Describe the structure and replication of DNA,

 the processes of transcription and translation,

 the regulation of gene expression.

Chap 13

 13-1: Changing the Living World
 Humans use selective breeding to pass desired traits on to the next generation of organisms.
 Breeders can increase the genetic variation in a population by inducing mutations, which are the ultimate source of genetic variability.
Section 13-2: Manipulating DNA
 Scientists use their knowledge of the structure of DNA and its chemical properties to study and change DNA molecules.

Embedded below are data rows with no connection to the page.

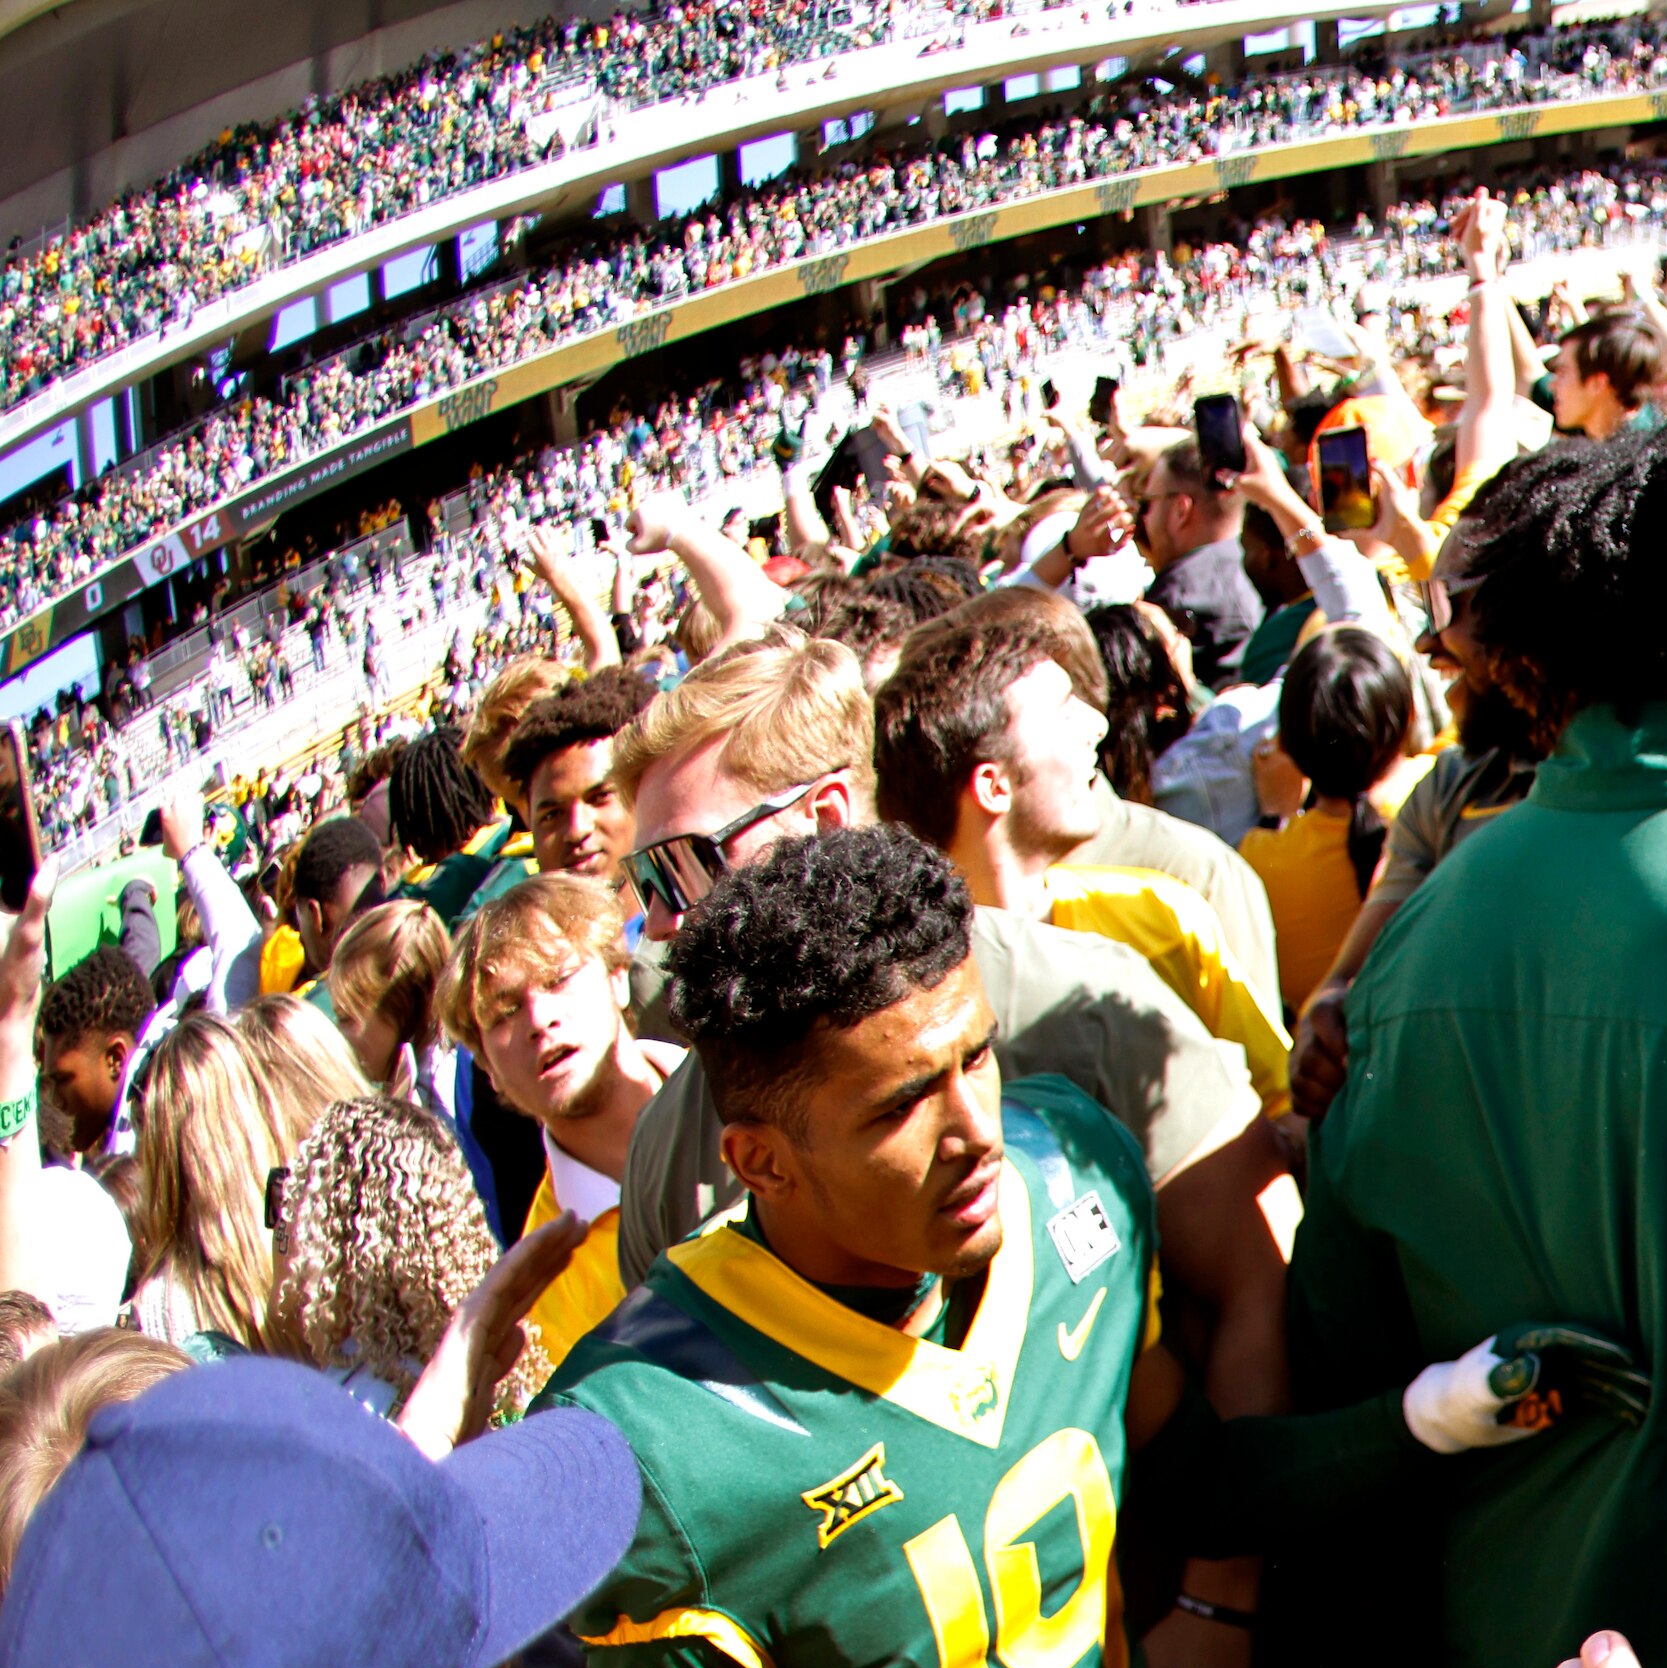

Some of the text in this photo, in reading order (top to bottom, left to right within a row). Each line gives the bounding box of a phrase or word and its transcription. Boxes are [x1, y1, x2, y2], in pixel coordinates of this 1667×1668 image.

[240, 426, 410, 521] BRANDING MADE TANGIBLE
[190, 514, 221, 550] 14
[85, 581, 104, 613] 0
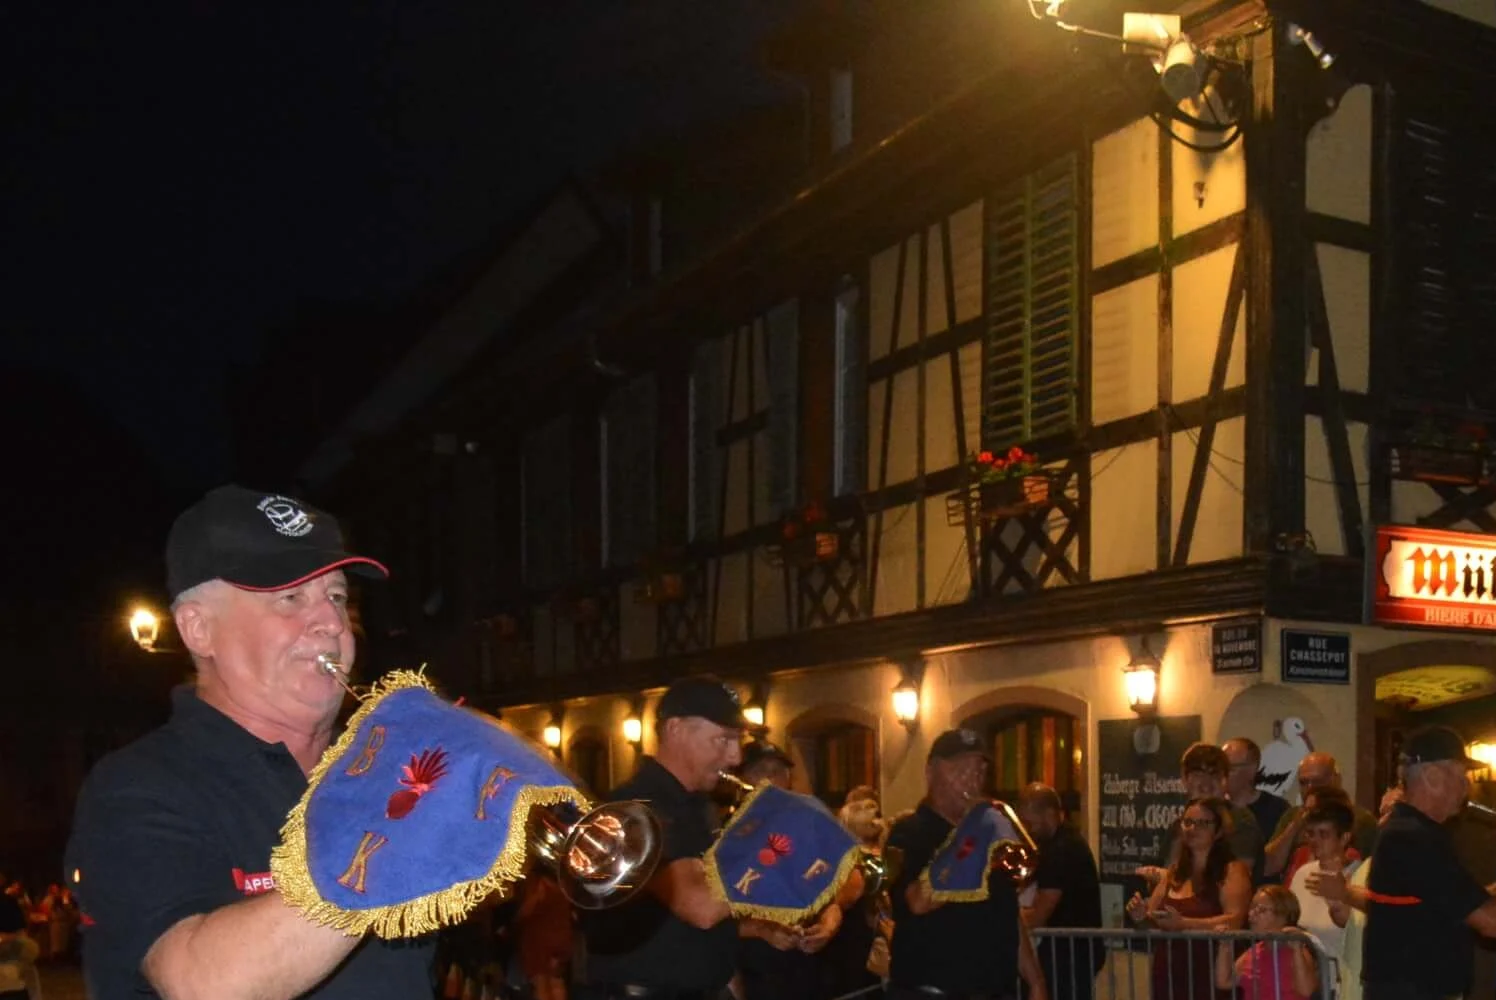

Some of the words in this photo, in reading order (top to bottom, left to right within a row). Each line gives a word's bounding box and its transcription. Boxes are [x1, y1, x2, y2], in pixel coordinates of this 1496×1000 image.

[1289, 649, 1346, 664] CHASSEPOT
[1308, 636, 1328, 650] RUE
[345, 725, 386, 776] B
[336, 830, 389, 895] K
[732, 865, 764, 896] K
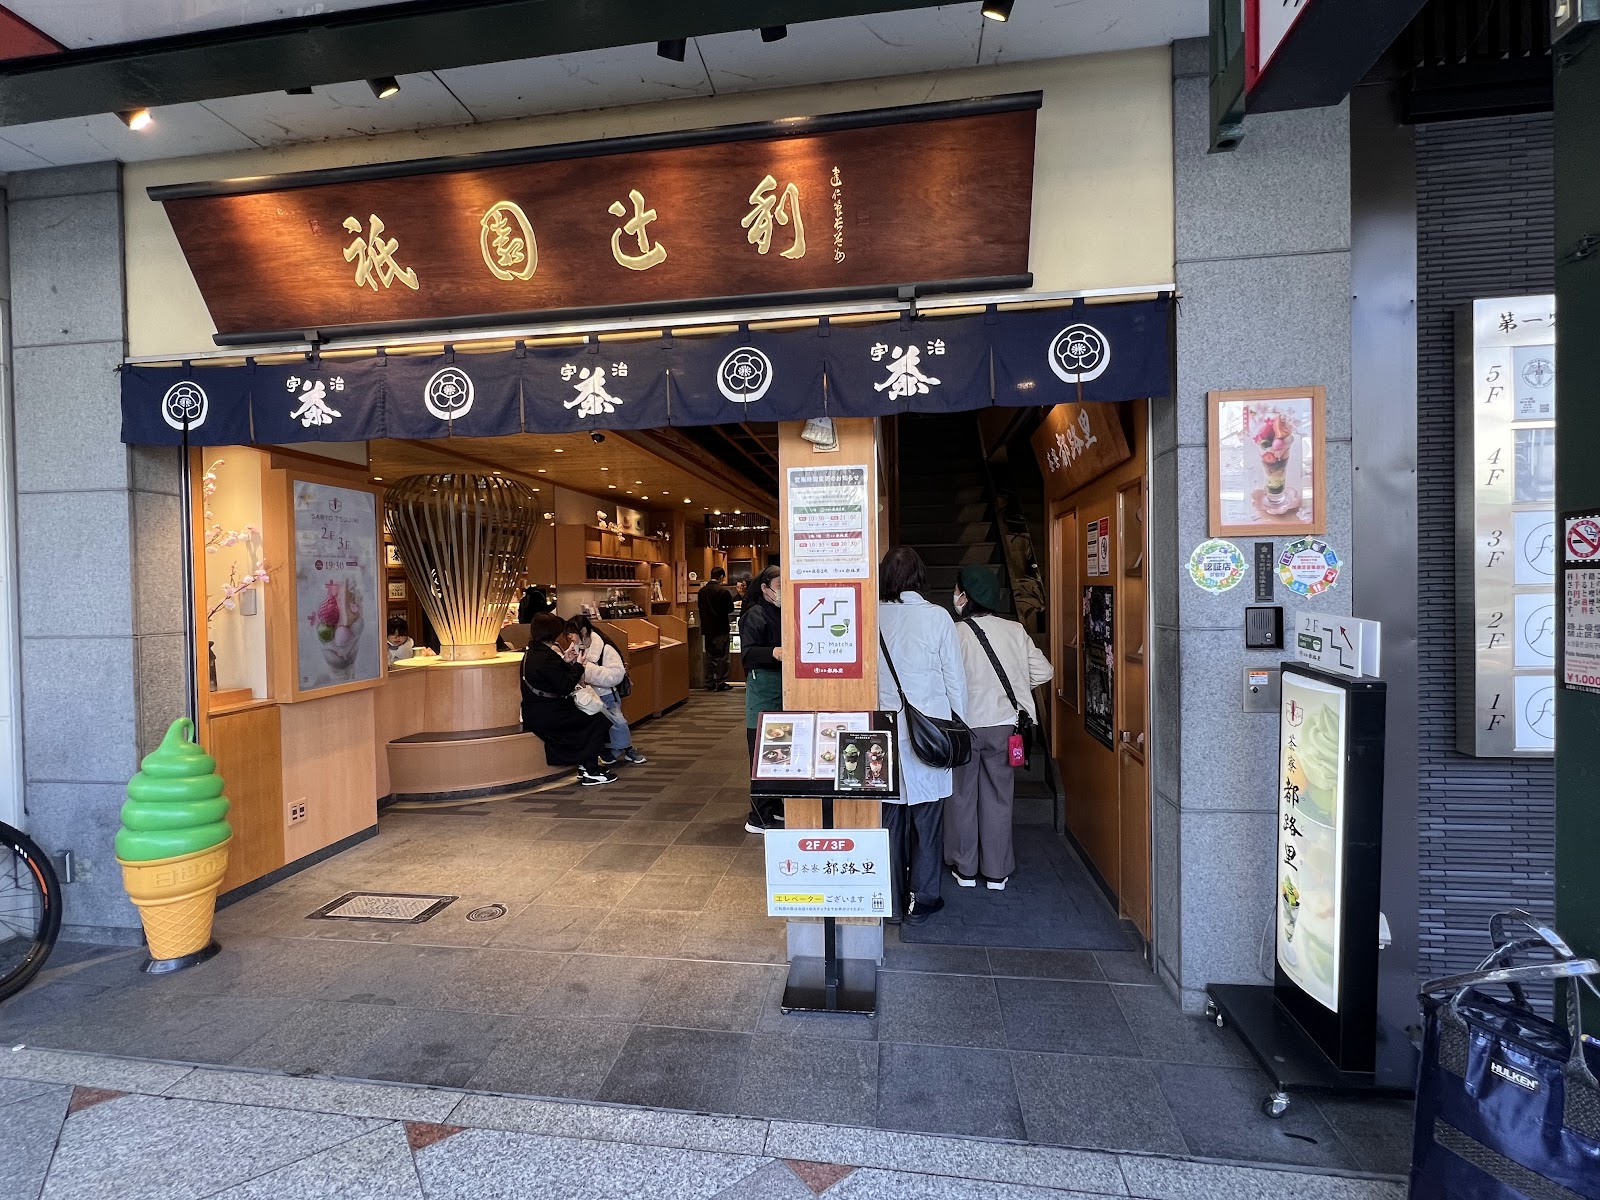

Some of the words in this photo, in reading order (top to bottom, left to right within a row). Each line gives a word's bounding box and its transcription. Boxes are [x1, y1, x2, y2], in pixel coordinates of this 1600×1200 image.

[1304, 617, 1320, 633] 2F
[806, 641, 826, 654] 2F
[775, 895, 823, 903] エレベーター
[826, 895, 865, 904] ございます

Different techniques are used to extract DNA from cells, to cut DNA into smaller pieces, to identify the sequence of bases in a DNA molecule, and to make unlimited copies of DNA.
 Knowing the sequence of an organism's DNA allows researchers to study specific genes, to compare them with the genes of other organisms, and to try to discover the functions of different genes and gene combinations.
Section 13-3: Cell Transformation
 During transformation, a cell takes in DNA from outside the cell. This external DNA becomes a part of the cell's DNA.
 If transformation is successful, the recombinant DNA is integrated into one of the chromosomes of the cell.
Section 13-4: Applications of Genetic Engineering
 Using the basic techniques of genetic engineering, a gene from one organism can be inserted into cells from another organism. These transformed cells can then be used to grow new organisms.

Chap 14

 14-1: Human Heredity
 All egg cells carry a single X chromosome (23X). However, half of all sperm cells carry an X chromosome (23X), and half carry a Y chromosome (23Y). This ensures that just about half of the zygotes will be 46XX (female), and half will be 46XY (male).
 In both cystic fibrosis and sickle cell disease, a small change in the DNA of a single gene affects the structure of a protein, causing a serious genetic disorder.
Section 14-2: Human Chromosomes
 Males have just one X chromosome. Thus, all X-linked alleles are expressed in males, even if they are recessive.
 Nondisjunction causes gametes to have abnormal numbers of chromosomes, which in turn causes a chromosome number disorder.
Section 14-3: Human Molecular Genetics
 The Human Genome Project is an attempt to sequence all human DNA.
 In gene therapy, an absent or faulty gene is replaced by a normal, working gene.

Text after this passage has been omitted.